*What you need to do:*
Keep every word of the listing and reproduce it exactly, but set aside any image found there.

START Data listing

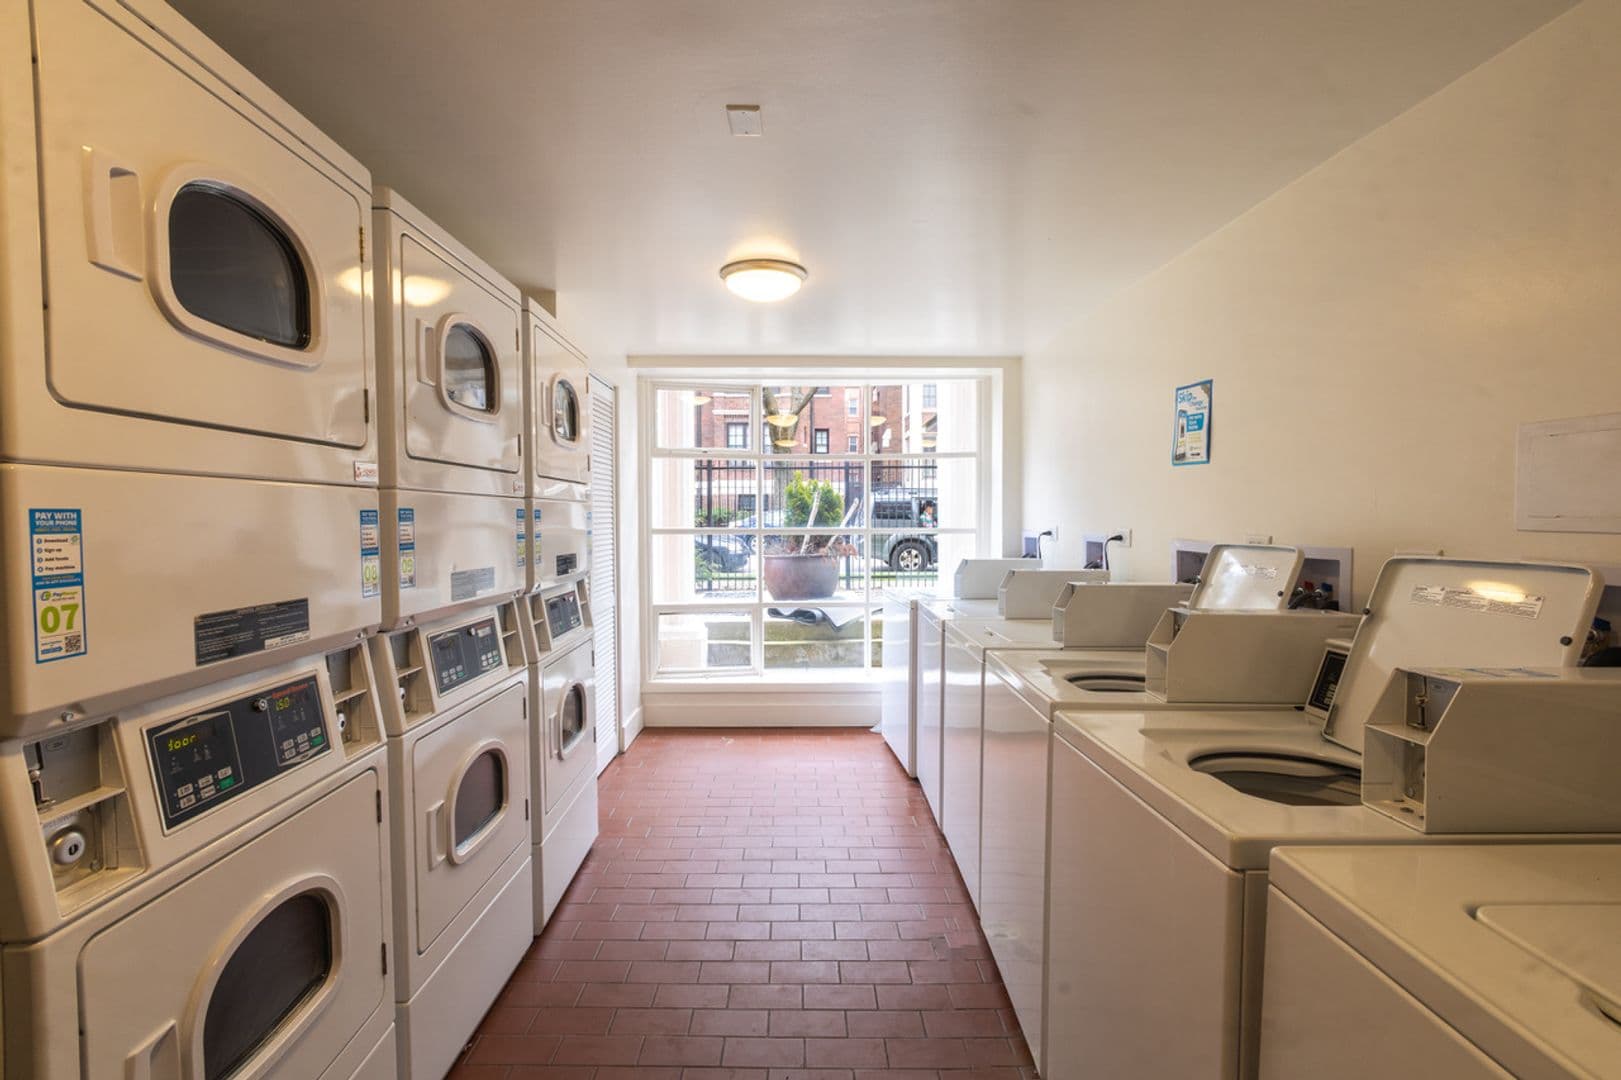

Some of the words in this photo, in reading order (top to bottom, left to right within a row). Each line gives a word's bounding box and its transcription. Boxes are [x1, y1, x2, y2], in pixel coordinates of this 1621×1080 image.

[35, 512, 52, 520] PAY
[54, 512, 77, 520] WITH
[364, 564, 377, 581] 08
[40, 603, 79, 634] 07

END Data listing

*Output of the task:*
Some of the words in this photo, in reading order (top to bottom, left to right within a row). Each line gives a word's bounding box and its transcription. Boxes are [x1, y1, x2, y2], in pixel coordinates of this 1621×1080 image.

[35, 512, 52, 520] PAY
[54, 512, 77, 520] WITH
[364, 564, 377, 581] 08
[40, 603, 79, 634] 07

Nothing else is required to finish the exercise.